Python3 implements a concurrent method to verify the proxy pool address
- 2020-05-12 02:49:16
- OfStack
This article illustrates an example of how Python3 implements concurrent validation of the proxy pool address. I will share it with you for your reference as follows:
#encoding=utf-8
#author: walker
#date: 2016-04-14
#summary: Using coroutines / Thread pool concurrency validates the proxy
import os, sys, time
import requests
from concurrent import futures
cur_dir_fullpath = os.path.dirname(os.path.abspath(__file__))
Headers = {
'Accept': '*/*',
'User-Agent': 'Mozilla/4.0 (compatible; MSIE 8.0; Windows NT 6.1; WOW64; Trident/4.0; SLCC2; .NET CLR 2.0.50727; .NET CLR 3.5.30729; .NET CLR 3.0.30729; .NET4.0C; .NET4.0E)',
}
# Verify the effectiveness of a single agent
# If valid, return the proxy ; Otherwise, an empty string is returned
def Check(desturl, proxy, feature):
proxies = {'http': 'http://' + proxy}
r = None # The statement
exMsg = None
try:
r = requests.get(url=desturl, headers=Headers, proxies=proxies, timeout=3)
except:
exMsg = '* ' + traceback.format_exc()
#print(exMsg)
finally:
if 'r' in locals() and r:
r.close()
if exMsg:
return ''
if r.status_code != 200:
return ''
if r.text.find(feature) < 0:
return ''
return proxy
# Enter the list of agents (set/list) , returns a list of valid agents
def GetValidProxyPool(rawProxyPool, desturl, feature):
validProxyList = list() # List of valid agents
pool = futures.ThreadPoolExecutor(8)
futureList = list()
for proxy in rawProxyPool:
futureList.append(pool.submit(Check, desturl, proxy, feature))
print('\n submit done, waiting for responses\n')

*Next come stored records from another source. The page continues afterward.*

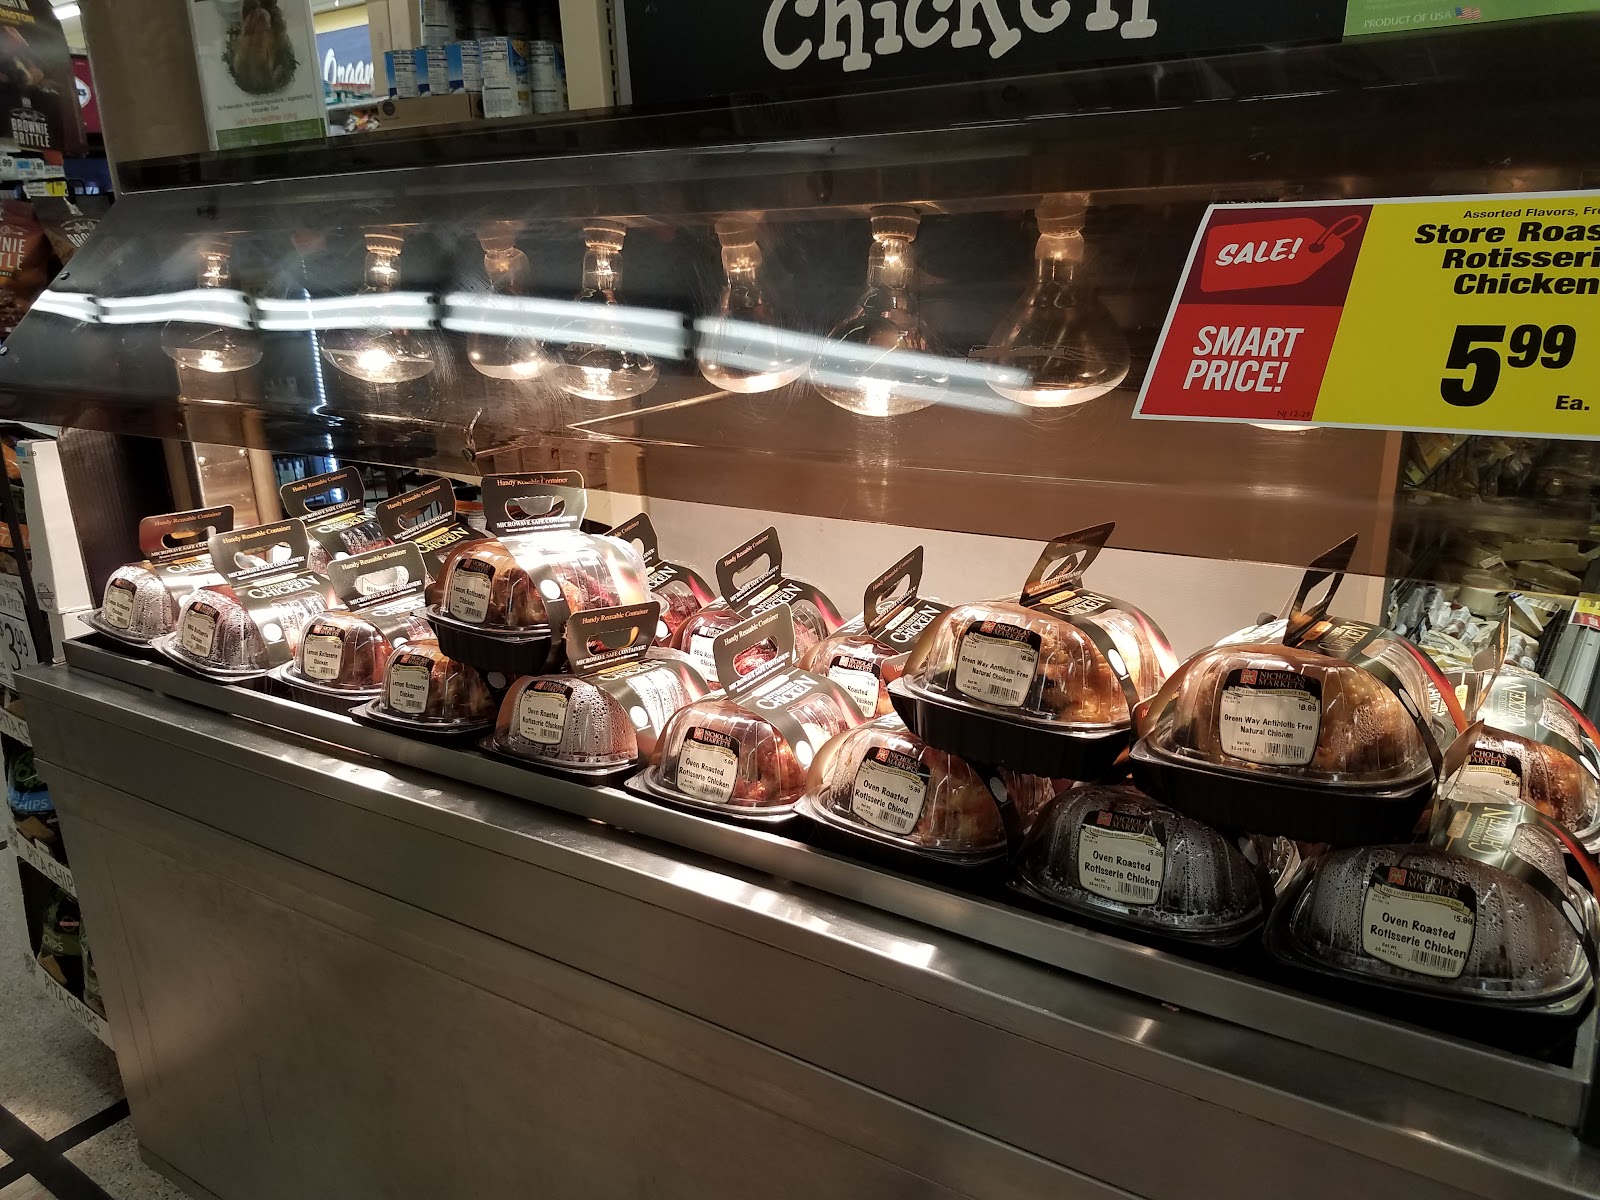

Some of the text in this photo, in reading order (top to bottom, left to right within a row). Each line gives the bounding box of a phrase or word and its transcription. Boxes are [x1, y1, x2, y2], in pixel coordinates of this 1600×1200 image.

[1364, 12, 1451, 28] PRODUCT OF USA
[11, 117, 49, 135] BROWNIE
[13, 130, 51, 148] BRITTLE
[1463, 209, 1522, 219] Assorted
[1525, 208, 1579, 218] Flavors,
[1414, 223, 1506, 244] Store
[1214, 237, 1304, 267] SALE!
[1453, 273, 1600, 295] Chicken
[1192, 325, 1304, 358] SMART
[1182, 360, 1289, 393] PRICE!
[1555, 395, 1591, 411] Ea.
[223, 535, 241, 544] Handy
[265, 525, 291, 535] Container
[341, 560, 360, 571] Handy
[383, 549, 407, 560] Container
[247, 575, 320, 598] CHICKEN
[582, 609, 649, 624] Handy Reusable Container
[890, 604, 941, 643] CHICKEN
[723, 634, 738, 646] Handy
[758, 613, 779, 628] Container
[993, 629, 1028, 643] MARKETS
[995, 623, 1031, 637] NICHOLAS
[961, 655, 1029, 679] Green Way Antibiotic Free
[972, 666, 1013, 684] Natural Chicken
[1260, 671, 1306, 682] NICHOLAS
[1258, 678, 1305, 690] MARKETS
[1224, 713, 1313, 731] Green Way Antibiotic Free
[1240, 725, 1294, 739] Natural Chicken
[679, 766, 730, 789] Rotisserie Chicken
[685, 757, 725, 777] Oven Roasted
[863, 779, 909, 805] Oven Roasted
[854, 788, 914, 819] Rotisserie Chicken
[1468, 806, 1514, 854] CHICKEN
[1092, 850, 1151, 872] Oven Roasted
[1084, 861, 1161, 888] Rotisserie Chicken
[1409, 871, 1460, 890] NICHOLAS
[1407, 880, 1459, 898] MARKETS
[1382, 912, 1456, 941] Oven Roasted
[1370, 924, 1421, 947] Rotisserie
[1424, 939, 1467, 960] Chicken
[66, 998, 101, 1033] CHIPS

for future in futures.as_completed(futureList):
proxy = future.result()
print('proxy:' + proxy)
if proxy: # Effective agent
validProxyList.append(proxy)
print('validProxyList size:' + str(len(validProxyList)))
return validProxyList
# Get the original agent pool
def GetRawProxyPool():
rawProxyPool = set()
# Get the original proxy pool somehow ......
return rawProxyPool
if __name__ == "__main__":
rawProxyPool = GetRawProxyPool()
desturl = 'http://...' # The target address to be accessed through the proxy
feature = 'xxx' # The feature code of the target page
validProxyPool = GetValidProxyPool(rawProxyPool, desturl, feature)

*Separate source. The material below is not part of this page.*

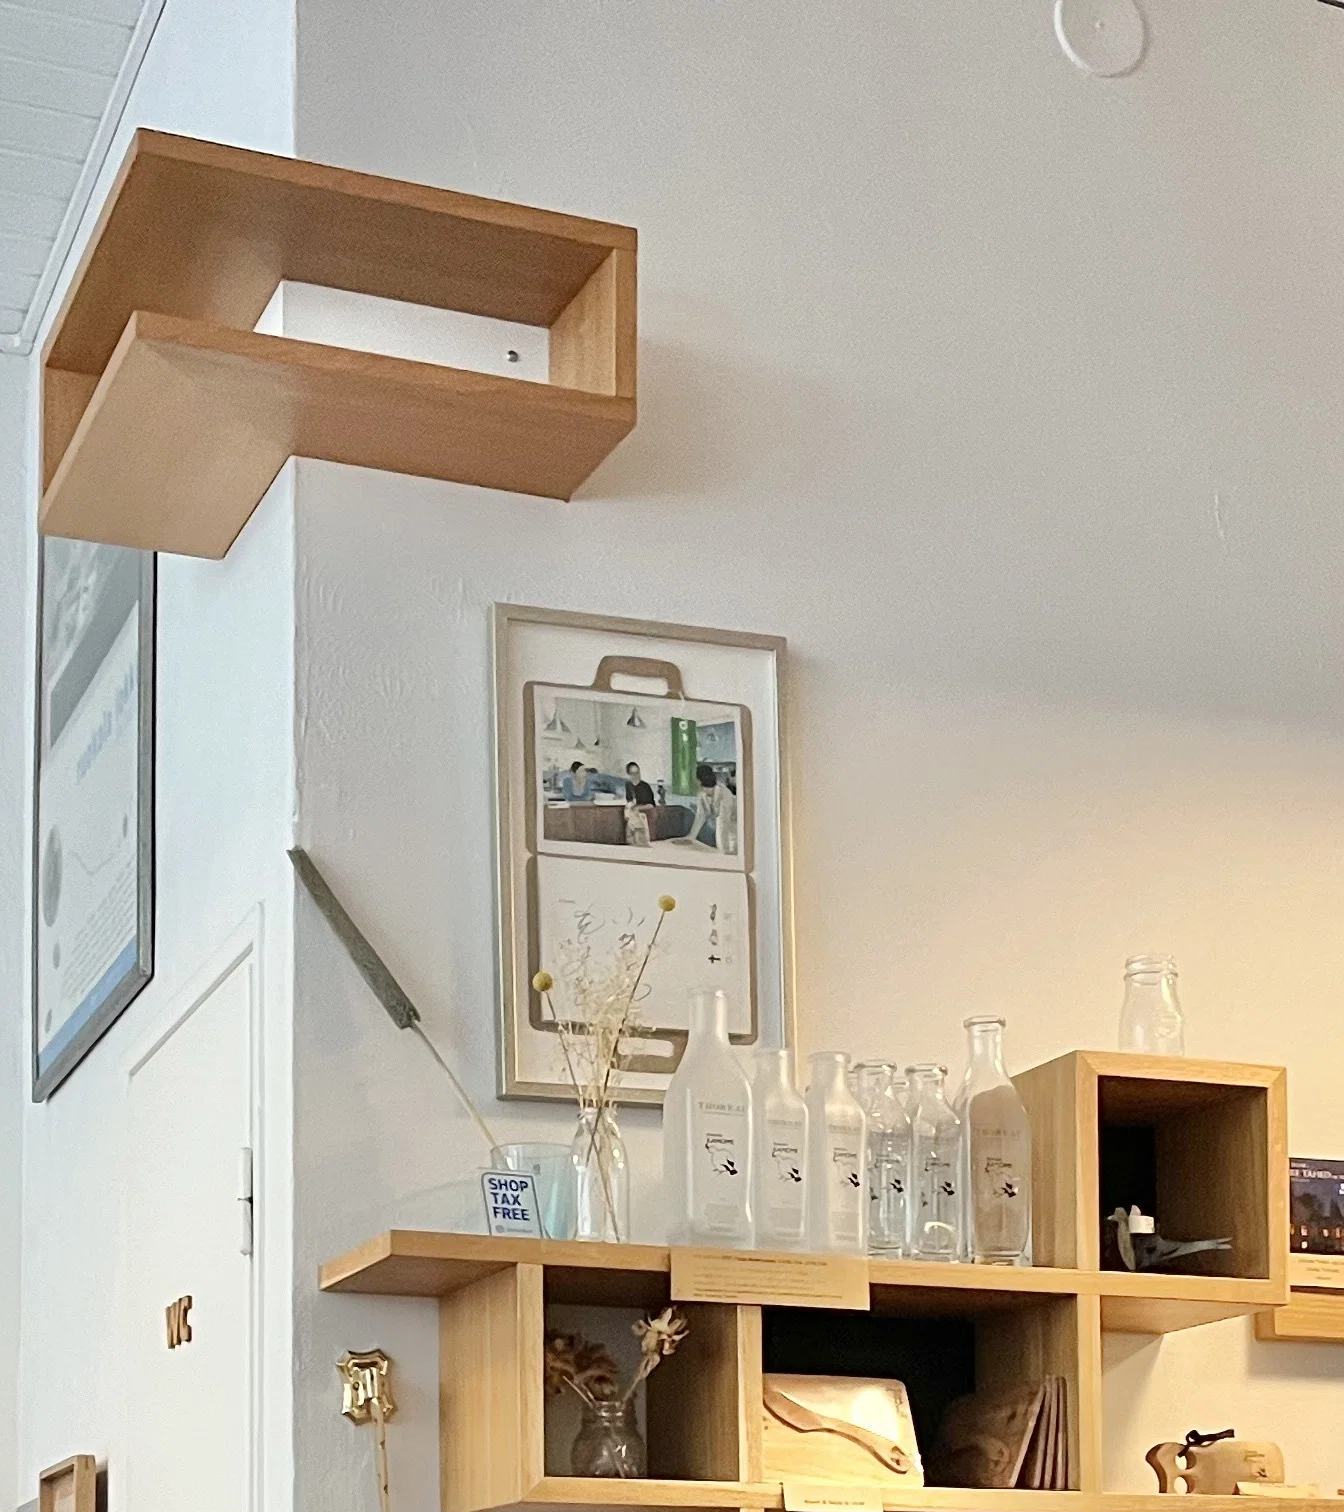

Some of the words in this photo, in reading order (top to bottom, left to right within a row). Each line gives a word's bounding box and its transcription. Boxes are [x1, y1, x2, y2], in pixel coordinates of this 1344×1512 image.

[488, 1178, 529, 1192] SHOP
[490, 1192, 522, 1206] TAX
[492, 1206, 531, 1221] FREE

More about Python related topics: interested readers to view this site "Python introduction and advanced tutorial", "Python URL skills summary", "Python pictures skills summary", "Python data structure and algorithm tutorial", "Python Socket programming skills summary", "Python function using skills summary", "Python string skills summary" and "Python file and directory skills summary"
I hope this article is helpful to you Python programming.